Saturday, April 2, 2011

Bangui Bay

This is not about the One Epic Trip I posted prior, but I just want to take a minute and reminisce about Bangui Bay in Ilocos Norte. 


I was with family when I went here. We took a right from the main road and into the dirt. The sky was blue and limitless. It was bright and the rays were glaring to our direction.


The car inched towards the bay. But it wasn't until a few more prodding to the driver, my father when we finally reached these huge ass big windmills. I got out of the car and immediately ran near it. Faster and faster until I'm at the bottom of one of the twenty windmills. I looked up and used my hands as a shade. I couldn't see what's on top. These machines. They are so big I feel like it'll move and crush me.

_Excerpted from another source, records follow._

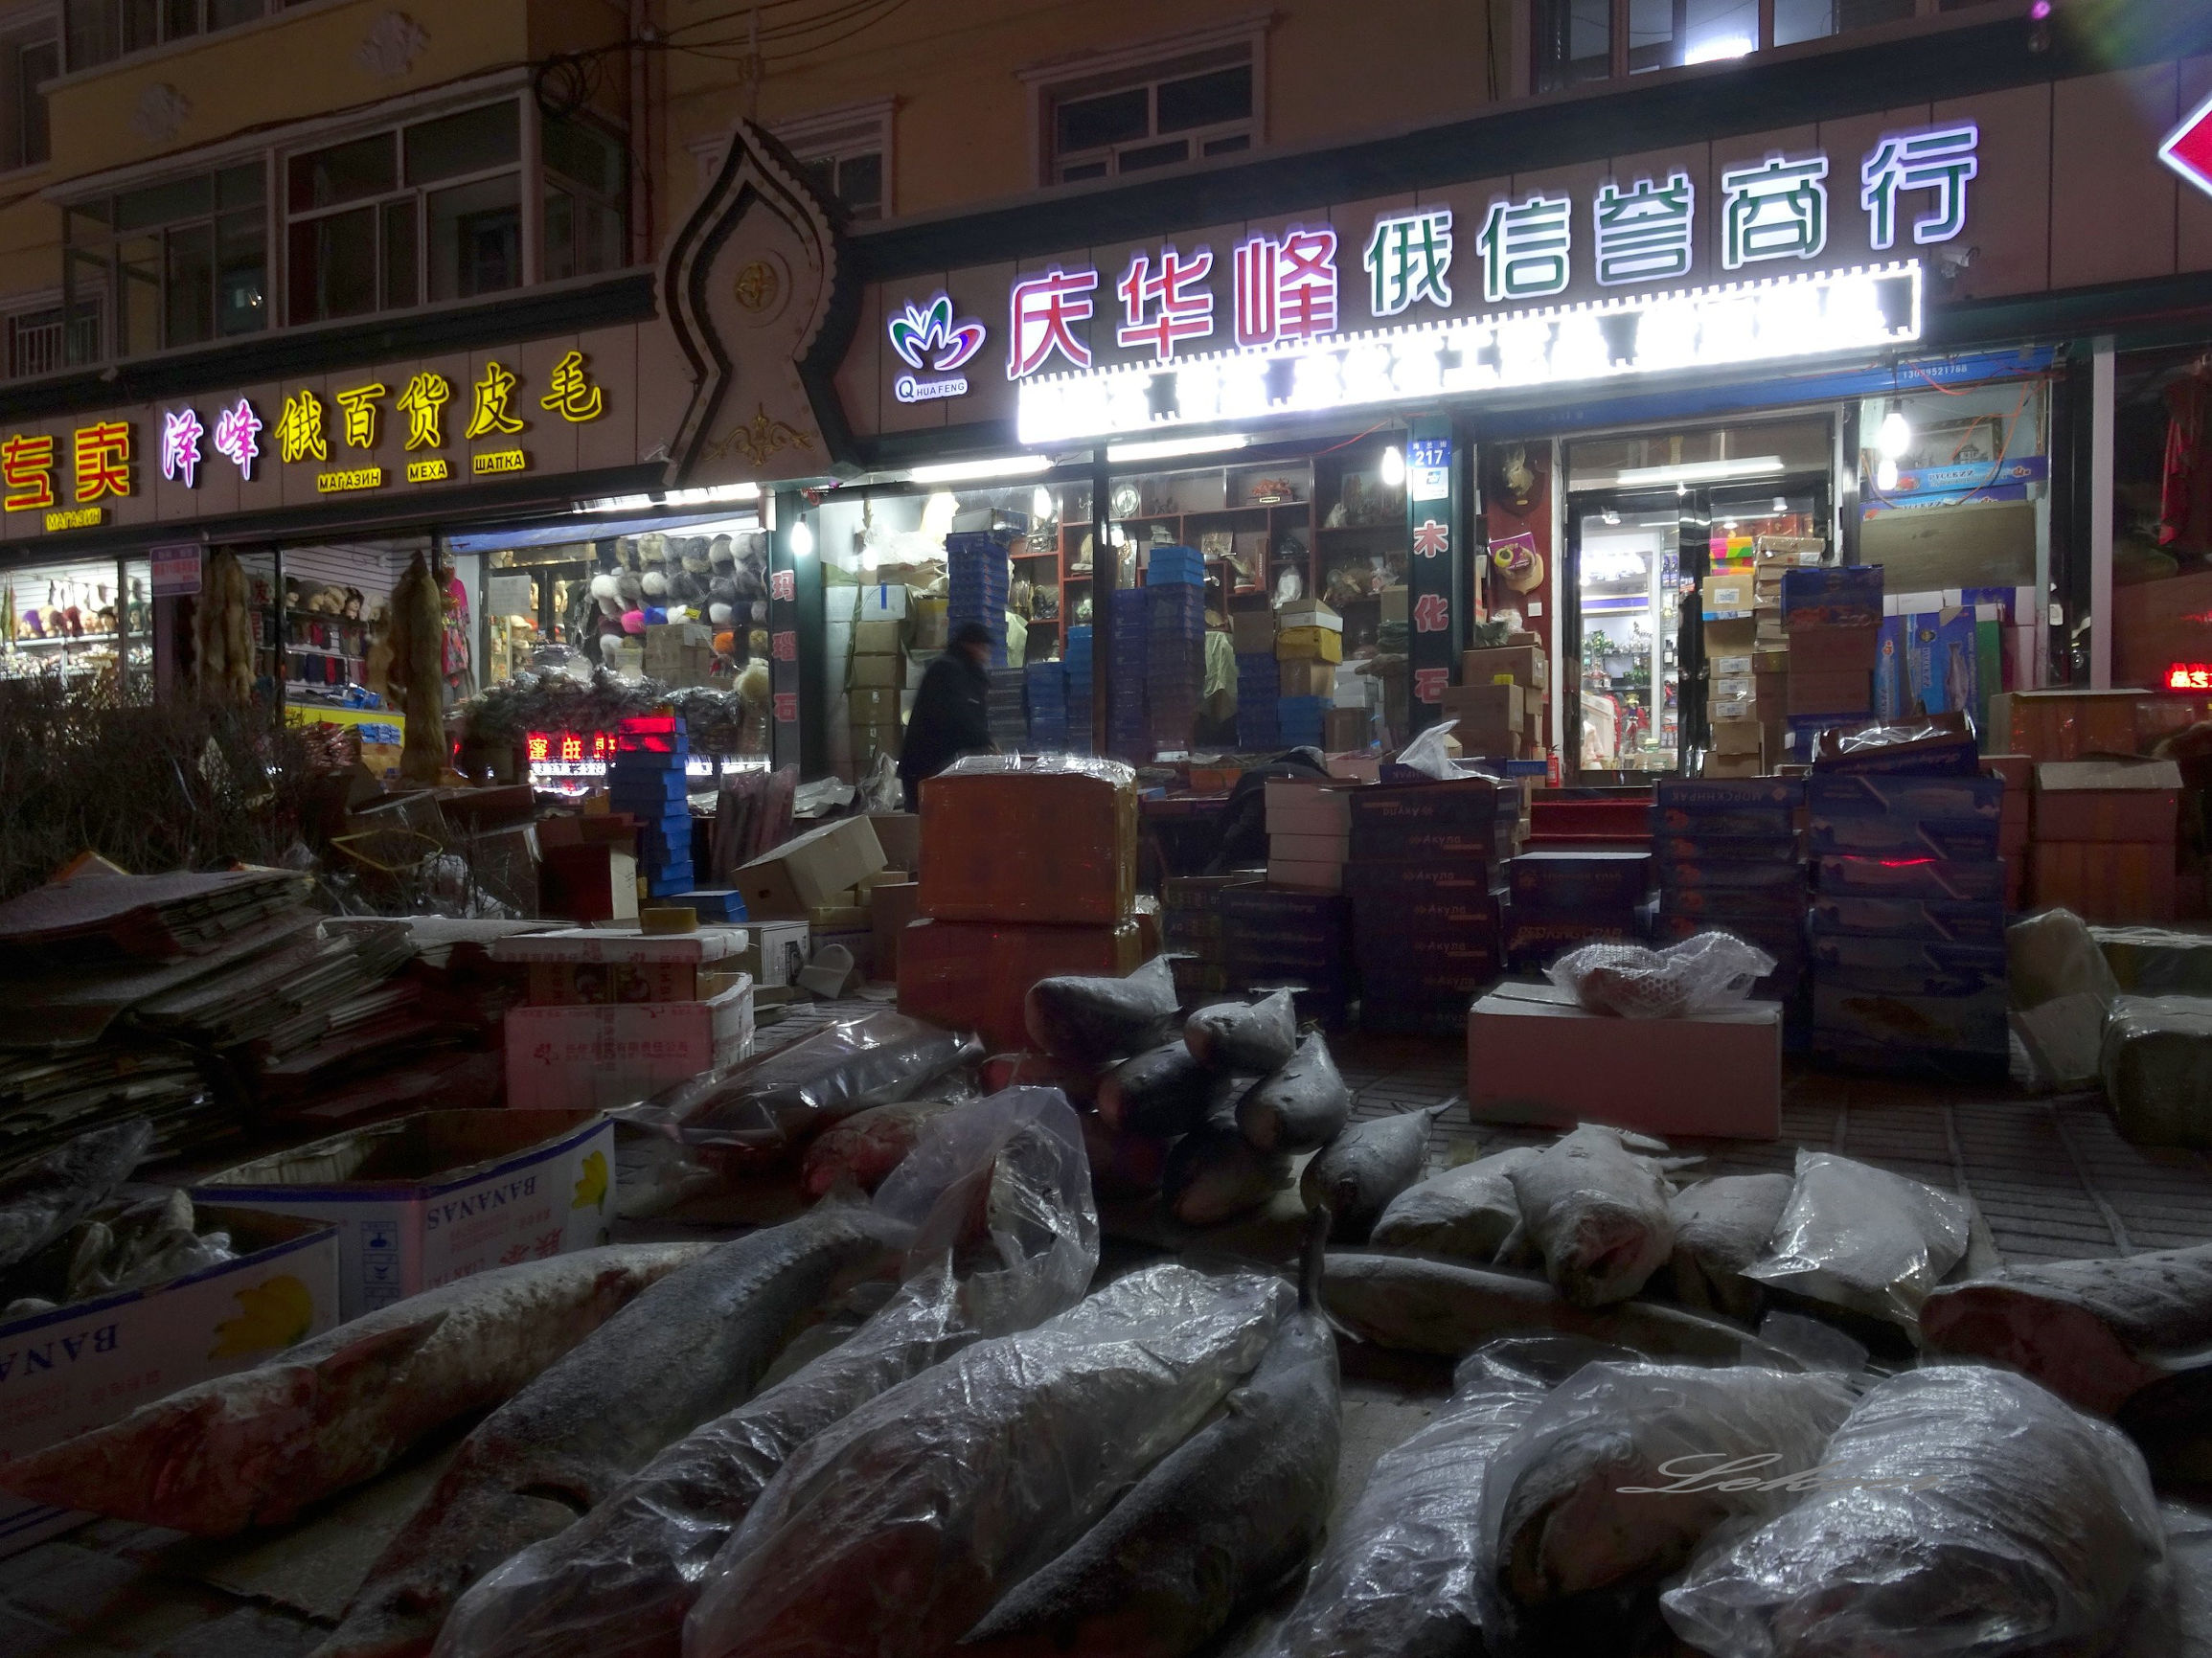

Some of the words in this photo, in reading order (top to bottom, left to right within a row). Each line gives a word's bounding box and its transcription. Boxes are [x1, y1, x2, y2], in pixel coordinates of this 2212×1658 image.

[1006, 122, 1980, 381] 庆华峰俄信誉商行
[3, 421, 130, 511] 专卖
[318, 468, 381, 492] МАГАЗИН
[407, 460, 447, 483] МЕХА
[473, 450, 525, 474] ШАПКА
[1415, 449, 1444, 466] 217
[46, 508, 102, 532] МАГАЗИН
[771, 568, 798, 723] 玛瑙石
[1413, 519, 1449, 704] 木化石
[427, 1176, 536, 1231] BANANAS

How many moments like this in my life when I feel so small vis a vis a natural or man-made mammoth. I have lost count. But in these moments when you feel that you are so small...  You sometime feel a tiny sense of courage to face it,  your monster. Your fear. Of getting crushed and trampled upon.

And it's not just the windmills, it was the whole thing the whole scenario...the whole experience of being dwarfed by the bigness of the world.

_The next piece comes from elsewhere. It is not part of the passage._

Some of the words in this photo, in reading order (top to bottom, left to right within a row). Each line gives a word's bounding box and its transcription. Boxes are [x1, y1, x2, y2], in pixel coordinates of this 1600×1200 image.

These huge powerful waves are so strong and unbending, that if you dare come near, these waves will swallow you whole.

If the wind can swallow me whole, I probably would've let it. It was like a lure, calling me to to mesh with its core.

Excuse me if I went all literary on you.End of flashback and cut to the present time.

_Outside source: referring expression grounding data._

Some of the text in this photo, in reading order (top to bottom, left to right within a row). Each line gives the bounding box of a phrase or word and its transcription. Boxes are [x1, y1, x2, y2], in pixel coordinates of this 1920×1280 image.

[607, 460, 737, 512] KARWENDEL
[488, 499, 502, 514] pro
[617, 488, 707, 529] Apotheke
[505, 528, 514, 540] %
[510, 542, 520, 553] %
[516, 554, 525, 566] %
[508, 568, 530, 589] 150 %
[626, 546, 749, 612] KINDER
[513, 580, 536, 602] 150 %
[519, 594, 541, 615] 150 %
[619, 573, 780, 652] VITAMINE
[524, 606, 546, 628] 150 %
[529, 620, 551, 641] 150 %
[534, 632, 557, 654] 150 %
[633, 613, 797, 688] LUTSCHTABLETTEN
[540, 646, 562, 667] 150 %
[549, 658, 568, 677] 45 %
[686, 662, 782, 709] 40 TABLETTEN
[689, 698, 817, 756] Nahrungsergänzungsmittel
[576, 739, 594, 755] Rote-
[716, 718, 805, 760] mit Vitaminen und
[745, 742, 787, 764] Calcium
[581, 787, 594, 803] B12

Inside my rented pad near my workplace I sometimes cry to avoid these extreme sensations. I sometimes fear to be swallowed whole by the big waves, the unstoppable wind. The dizzying fast spinning of the windmills. They seem to never stop. They gain more power as they spin.

But even as I let it conquer me, leaving me spinning, feeling dizzy. Haunted by the wind, taunted by the waves. I know in my heart that it is I who have emerged.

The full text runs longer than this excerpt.